Search code examples
pythonmatplotlibmachine-learninglinear-regressionvalueerror

Python Multiple linear regression can't plot


I'm trying to run multiple linear regression but i'm having trouble with plotting my results. I'm trying to plot my 3D plot my i get this output ValueError: operands could not be broadcast together with remapped shapes [original->remapped]: (4,) and requested shape (34,)

from sklearn.model_selection import train_test_split
X_train, X_test, y_train,y_test = train_test_split(X, Y, test_size = 0.2, random_state = 0)

from sklearn.linear_model import LinearRegression
regressor = LinearRegression()
regressor.fit(X_train, y_train)
y_pred = regressor.predict(X_test)


fig = plt.figure()
ax = fig.add_subplot(111, projection='3d')
ax.scatter(X.iloc[:, 0], X.iloc[:, 1], Y)
ax.plot(X.iloc[:, 0], X.iloc[:, 1], y_pred, color='red')

ax.set_xlabel('Annual Income (k$)')
ax.set_ylabel('Age')
ax.set_zlabel('Spending Score')
plt.show()

Edited: enter image description here

Edit 2: enter image description here


Solution

  • The plot command should be:

    ax.plot(X_test.iloc[:, 0], X_test.iloc[:, 1], y_pred, color='red')
    

    because y_pred contains y values only for the subset X_test, not the entire input X.

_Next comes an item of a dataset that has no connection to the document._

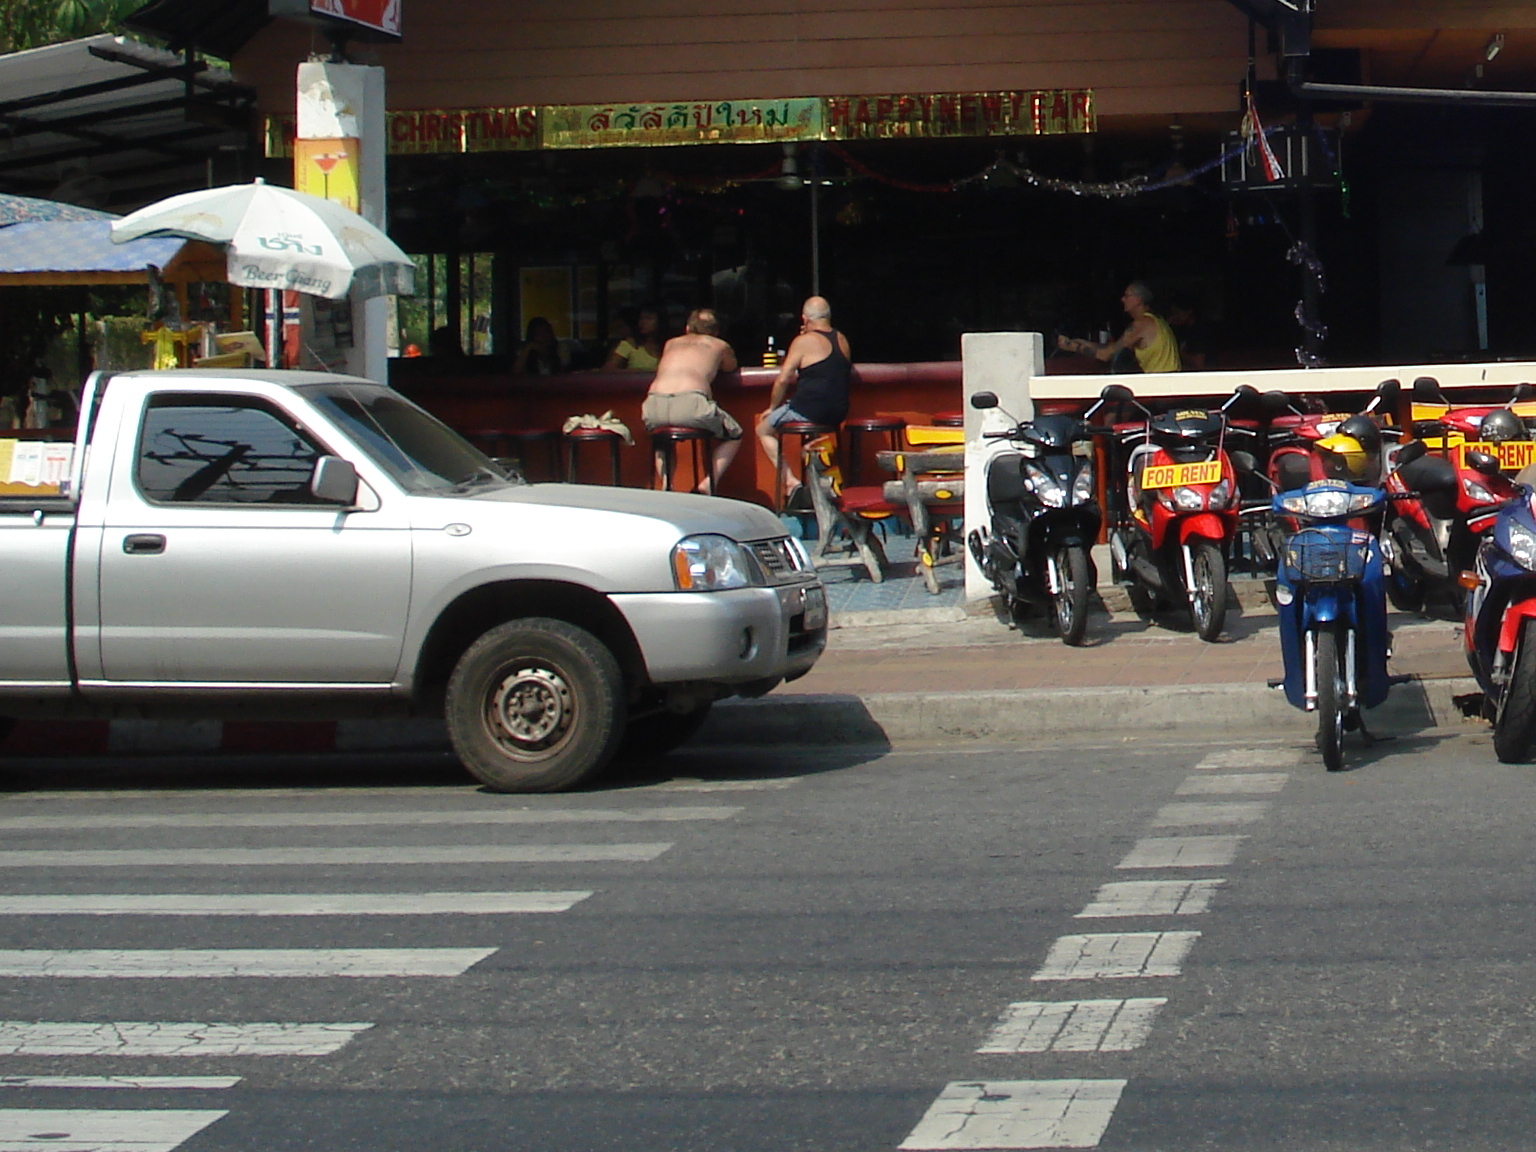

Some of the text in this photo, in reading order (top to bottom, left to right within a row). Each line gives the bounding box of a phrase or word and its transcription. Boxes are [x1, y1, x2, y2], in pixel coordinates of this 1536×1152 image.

    Plotting with connected lines (ax.plot) doesn't make sense, because the input data is probably not ordered in a meaningful way and the test set is definitely not ordered even if the input data was ordered.

    I would plot it like this:

    enter image description here

    from sklearn.model_selection import train_test_split
    from mpl_toolkits.mplot3d import Axes3D
    import numpy as np
    
    # generate some data as an example.
    np.random.seed(1)
    n = 20
    X = pd.DataFrame(np.random.uniform(size=(n, 2)), columns=['foo', 'bar'])
    Y = X['foo'] + 2*X['bar'] + np.random.normal(scale=0.2, size=n)
    
    X_train, X_test, y_train,y_test = train_test_split(X, Y, test_size = 0.2, random_state = 0)
    
    from sklearn.linear_model import LinearRegression
    regressor = LinearRegression()
    regressor.fit(X_train, y_train)
    y_pred = regressor.predict(X_test)
    
    
    fig = plt.figure()
    ax = fig.add_subplot(111, projection='3d')
    ax.scatter(X['foo'], X['bar'], Y, label='data')
    
    for x0, x1, yt, yp in zip(X_test['foo'], X_test['bar'], y_test, y_pred):
        ax.plot([x0, x0], [x1, x1], [yt, yp], color='red')
    
    ax.scatter(X_test['foo'], X_test['bar'], y_pred, color='red', marker='s', label='prediction') 
    
    ax.set_xlabel('X0')
    ax.set_ylabel('X1')
    ax.set_zlabel('y')
    ax.legend()
    fig.show()
    

    There are other ways to do visualization. You could use np.meshgrid to generate X values on a grid and get y values from your predictor and plot it using plot_wireframe and plot both the train and test data using vertical lines to indicate their vertical distance from the wireframe. It depends on the data what makes sense.